According to a 2017 survey by the Medical Group Management Association, wise use of non-physician practitioners (NPPs), such as nurse practitioners and physician assistants, can increase practice revenue. They can also improve physician satisfaction. Physicians who are suffering from burnout often find that sharing the load with these professionals increases the amount of face-to-face time physicians have with the patients they see, removing one of the most common causes of burnout.
However, if you want NPPs to provide more benefit than cost to your practice, you must know how to bill properly for these professionals.
“Using NPPs can be very profitable,” says Barbie Hays, coding and compliance strategist for the American Academy of Family physicians, “if managed very carefully from the beginning.”

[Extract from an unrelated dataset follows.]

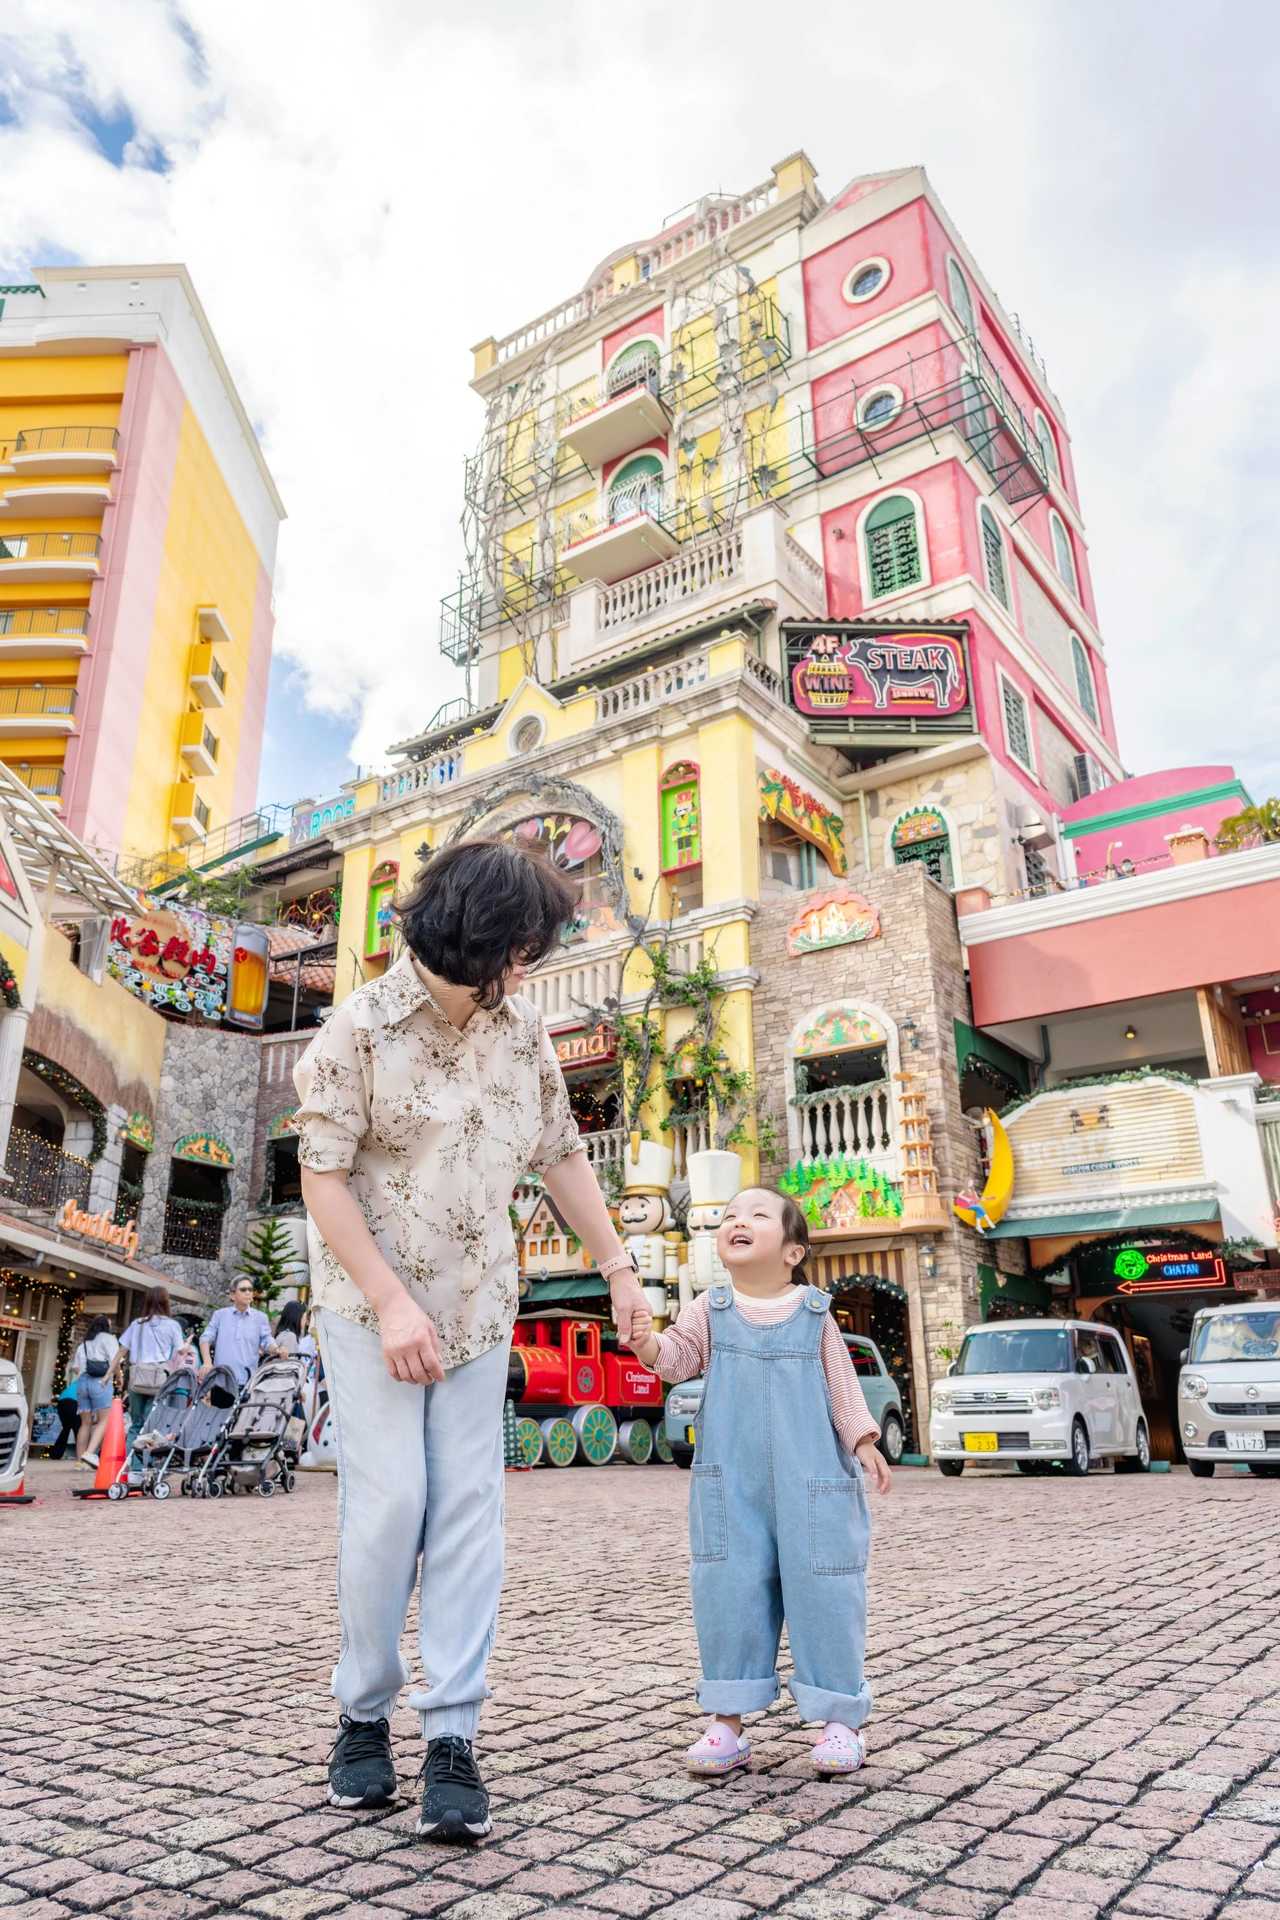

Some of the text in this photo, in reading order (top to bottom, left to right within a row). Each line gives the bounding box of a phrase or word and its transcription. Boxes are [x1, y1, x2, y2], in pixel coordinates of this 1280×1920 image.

Services provided by an NPP can be billed under his or her own National Provider Identifier (NPI)). With Medicare, there will be a 15 percent reduction in reimbursement, and with most commercial payers the reduction is about the same.
However, in most cases you can bill “incident to.” This means that you bill for NPPs services under the physician’s NPI—but you have to meet certain requirements.
“The physician must initiate the patient’s care and any changes in care plan; the physician has to be present in the office suite and immediately available during the time the care is given; and a physician must actively participate in and manage the patient’s course of treatment,” explains Tammie Olson, of Management Resource Group, an Ocean Springs, Miss., firm offering financial management and support services for the healthcare community. Though a physician does have to be available at the time of care and must manage the care, the supervising physician can be any doctor in the group—it does not have to be the one who initiated and manages the patient’s care.
“Incident to” is Medicare language, explains Hays, but she adds that typically you’re fine with most payers if you bill NPPs according to Medicare’s incident-to rules. However the rules can vary from payer to payer and even plan to plan with a given payer. “Just make sure that you understand what’s in the contract [with the payer],” Hays says.
Check the Boards
Beyond what payers will cover, there are differences in how state medical boards govern the use of NPPs.
“For example, some states require collaboration agreements and some set limits on how many NPPs can be managed by one physician,” explains Hays. It can be confusing, but help is available.
“If you don’t understand, ask,” says Hays, “Information is available from the state medical and nursing boards, and guidelines are available from Medicare publications.”
She also suggests that when examining contracts and studying state regulations, it’s ideal to involve someone from the billing and the clinical side of your practice, for example a billing manager and a physician or nurse manager. Sorting out the rules and regulations takes a deep understanding of both worlds—clinical and billing—and it’s important to make sure these worlds communicate.
It can be confusing—and time-consuming—to master the ins and outs of properly billing for NPPs, but if you can get it right, there are many benefits to using these supplementary professionals in your practice.